Everything in the entries below must be reproduced exactly, except the images.
··········
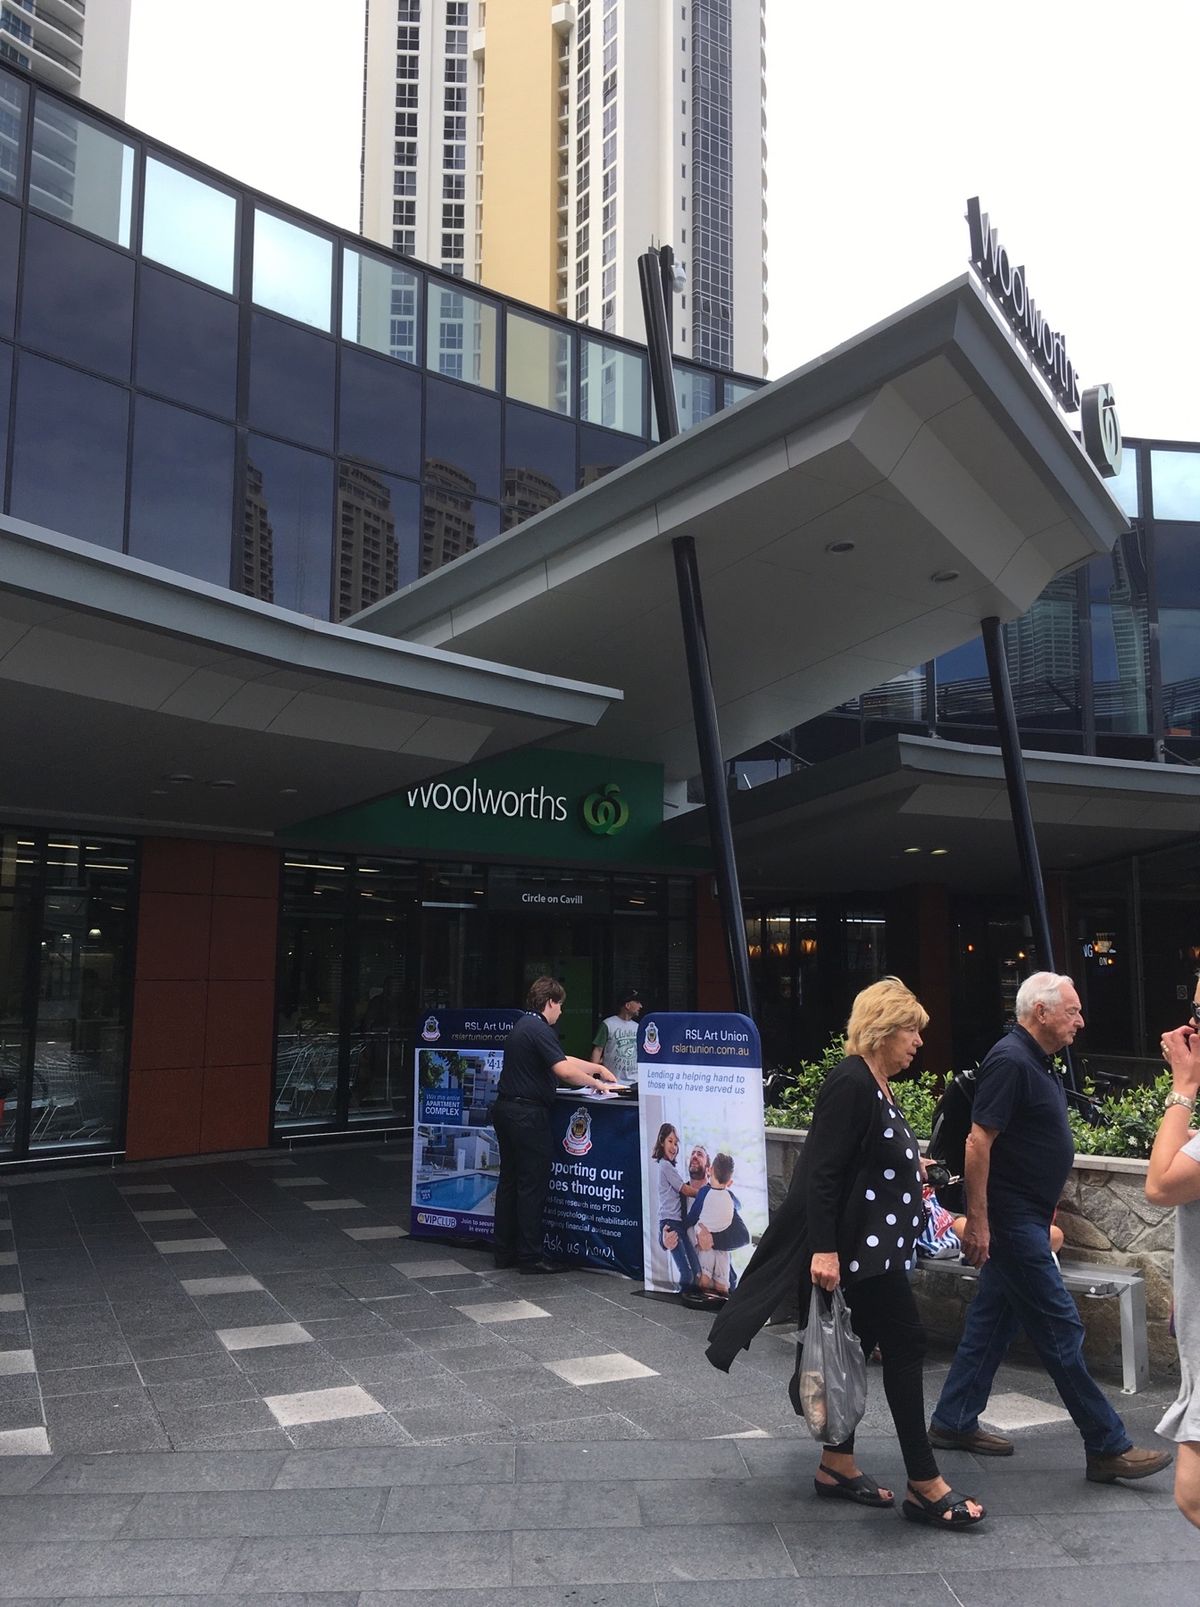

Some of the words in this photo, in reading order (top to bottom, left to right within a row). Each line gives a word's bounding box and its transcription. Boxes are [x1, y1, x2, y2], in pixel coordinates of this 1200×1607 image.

[964, 196, 1080, 413] Woolworths
[407, 777, 568, 822] Woolworths
[521, 893, 546, 903] Circle
[547, 895, 558, 903] on
[560, 894, 583, 904] Cavill
[464, 1021, 481, 1031] RSL
[483, 1022, 496, 1031] Art
[498, 1021, 514, 1031] Uni
[685, 1029, 702, 1040] RSL
[703, 1030, 718, 1041] Art
[720, 1030, 749, 1042] Union
[671, 1043, 750, 1056] rslartunion.com.au
[647, 1069, 674, 1080] Lending
[682, 1071, 711, 1083] helping
[713, 1073, 734, 1083] hand
[736, 1075, 745, 1084] to
[647, 1080, 666, 1090] those
[667, 1081, 682, 1091] who
[684, 1082, 703, 1092] have
[705, 1083, 732, 1094] served
[734, 1086, 745, 1095] us
[425, 1100, 460, 1108] APARTMENT
[425, 1107, 460, 1116] COMPLEX
[551, 1162, 597, 1181] porting
[600, 1168, 624, 1181] our
[548, 1180, 569, 1192] oes
[571, 1180, 625, 1201] through:
[590, 1201, 601, 1210] into
[602, 1204, 622, 1214] PTSD
[595, 1216, 638, 1227] rehabilitation
[543, 1233, 564, 1253] Ask
[567, 1242, 580, 1255] us
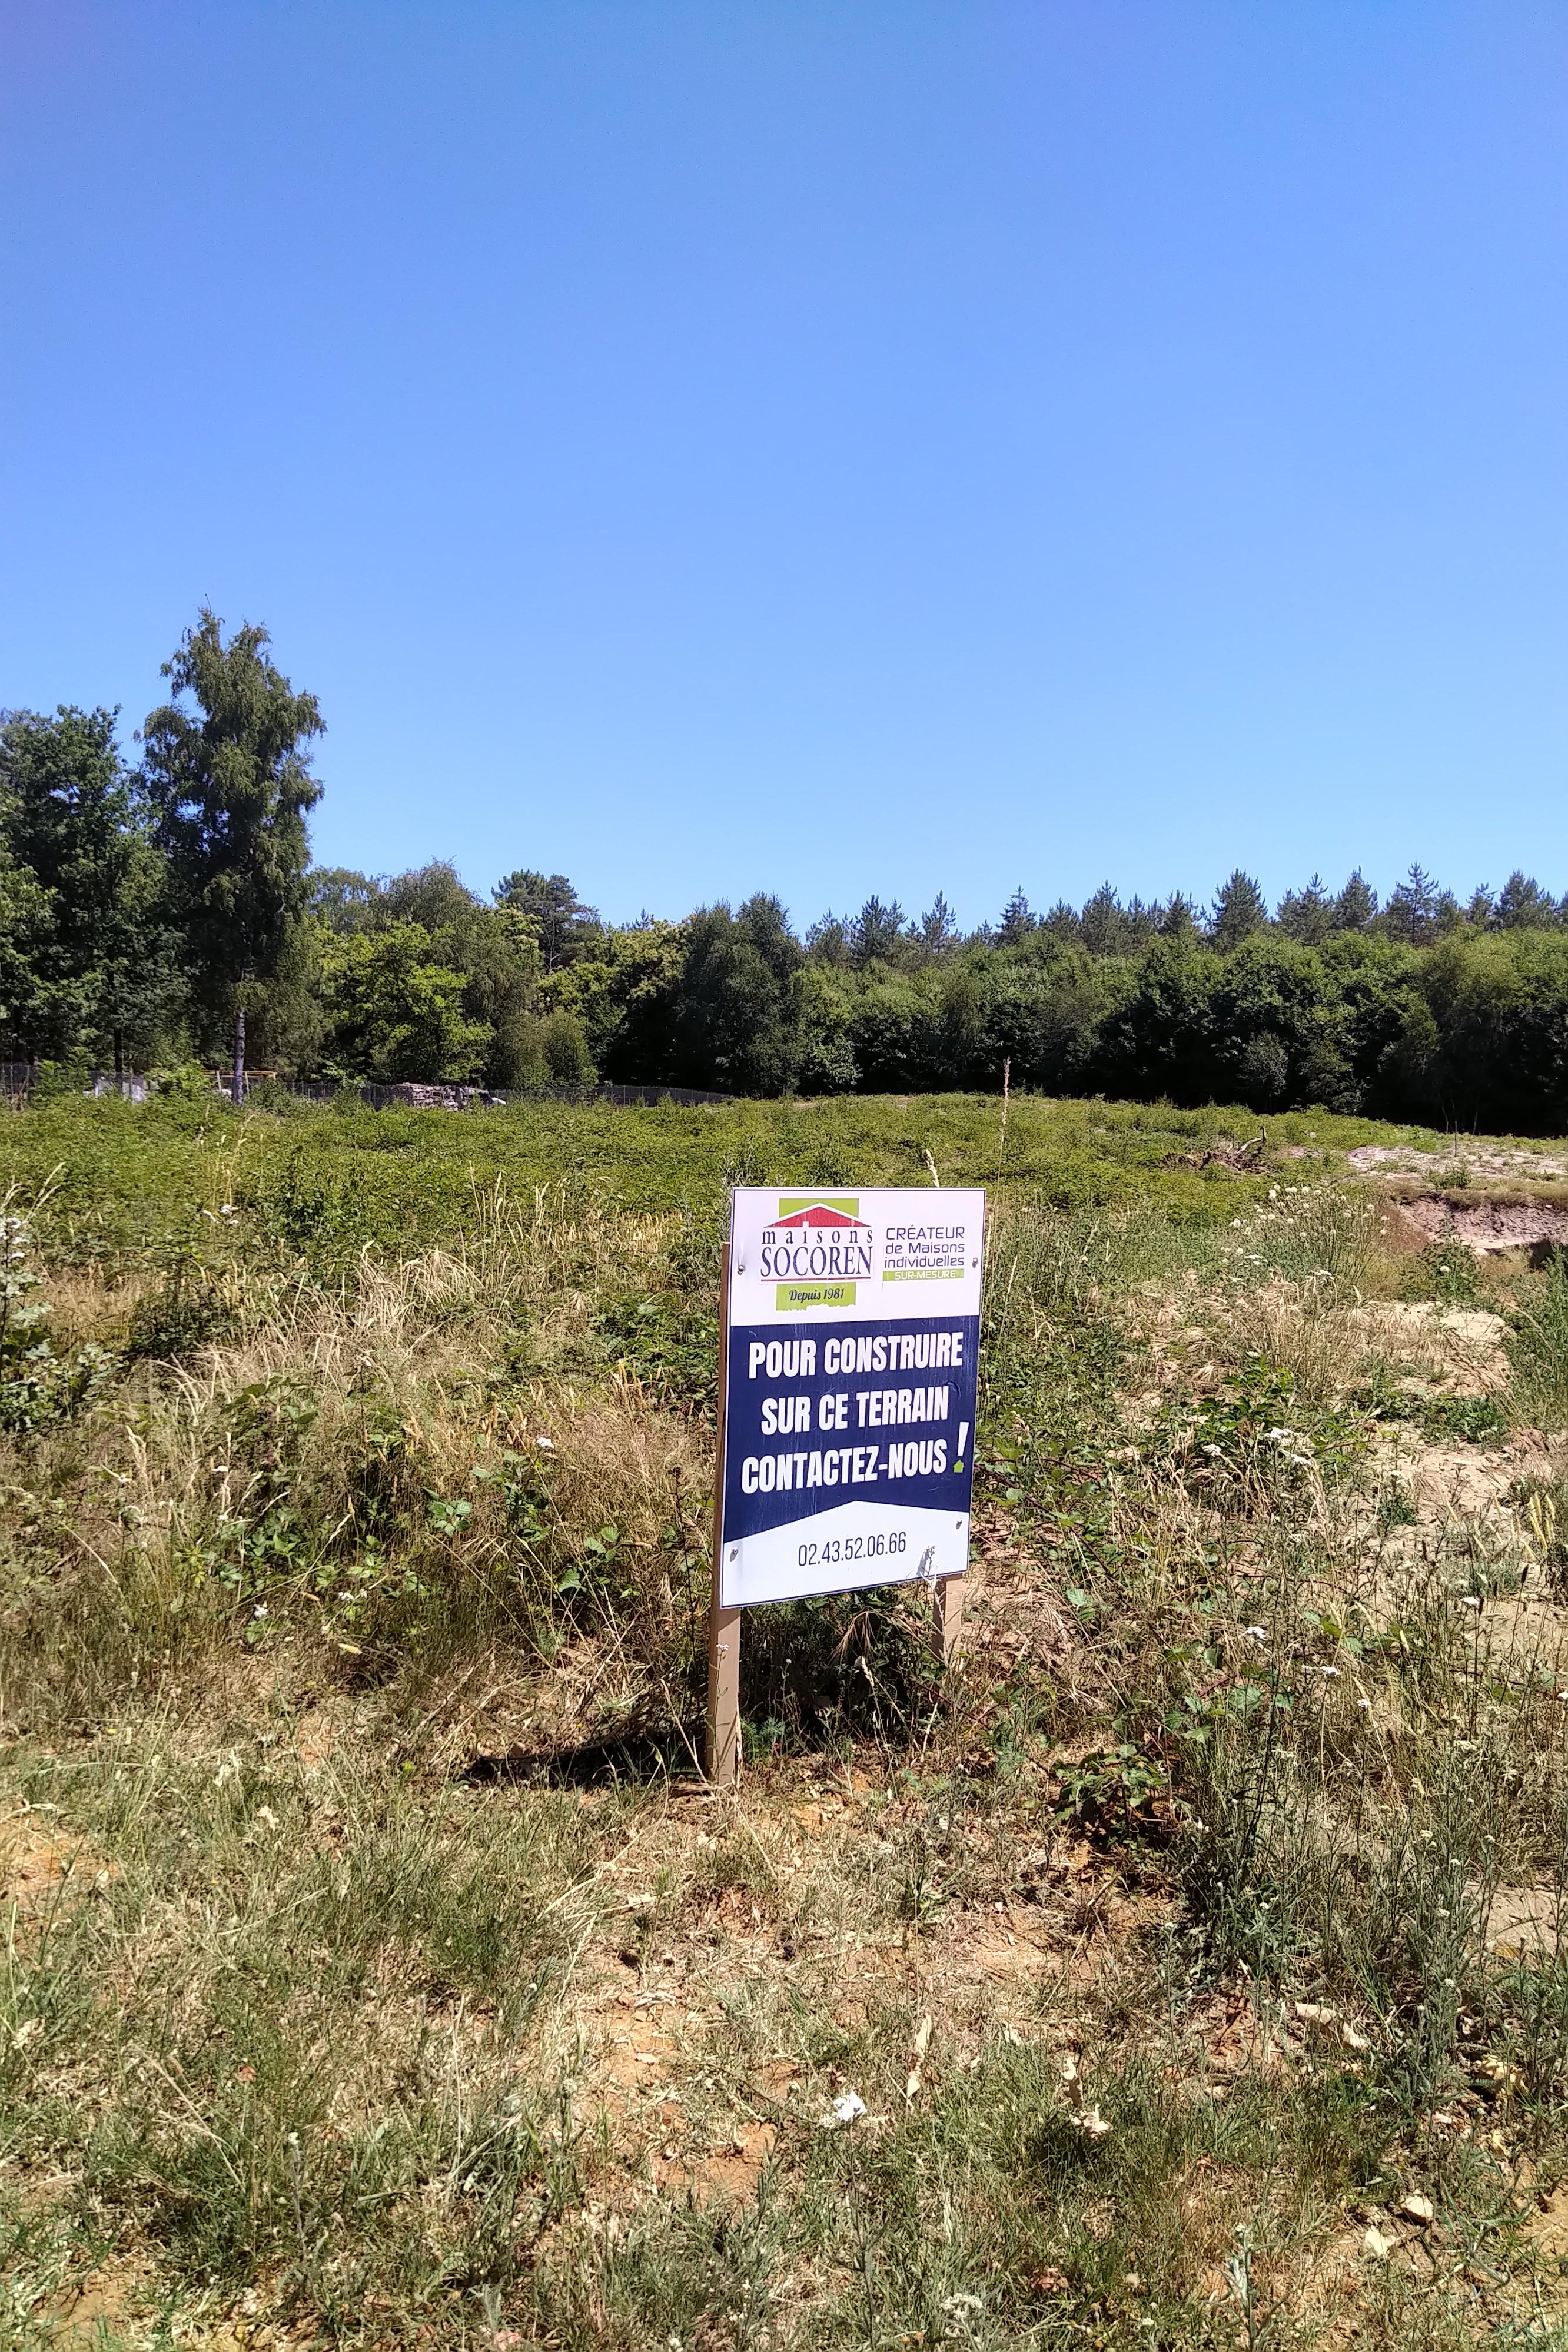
··········
**Expected answer**
Some of the words in this photo, in reading order (top to bottom, left to right within a row). Each line gives a word's bounding box and its transcription. Boxes are [x1, y1, x2, y2], in pixel coordinates of this 1200×1607 image.

[964, 196, 1080, 413] Woolworths
[407, 777, 568, 822] Woolworths
[521, 893, 546, 903] Circle
[547, 895, 558, 903] on
[560, 894, 583, 904] Cavill
[464, 1021, 481, 1031] RSL
[483, 1022, 496, 1031] Art
[498, 1021, 514, 1031] Uni
[685, 1029, 702, 1040] RSL
[703, 1030, 718, 1041] Art
[720, 1030, 749, 1042] Union
[671, 1043, 750, 1056] rslartunion.com.au
[647, 1069, 674, 1080] Lending
[682, 1071, 711, 1083] helping
[713, 1073, 734, 1083] hand
[736, 1075, 745, 1084] to
[647, 1080, 666, 1090] those
[667, 1081, 682, 1091] who
[684, 1082, 703, 1092] have
[705, 1083, 732, 1094] served
[734, 1086, 745, 1095] us
[425, 1100, 460, 1108] APARTMENT
[425, 1107, 460, 1116] COMPLEX
[551, 1162, 597, 1181] porting
[600, 1168, 624, 1181] our
[548, 1180, 569, 1192] oes
[571, 1180, 625, 1201] through:
[590, 1201, 601, 1210] into
[602, 1204, 622, 1214] PTSD
[595, 1216, 638, 1227] rehabilitation
[543, 1233, 564, 1253] Ask
[567, 1242, 580, 1255] us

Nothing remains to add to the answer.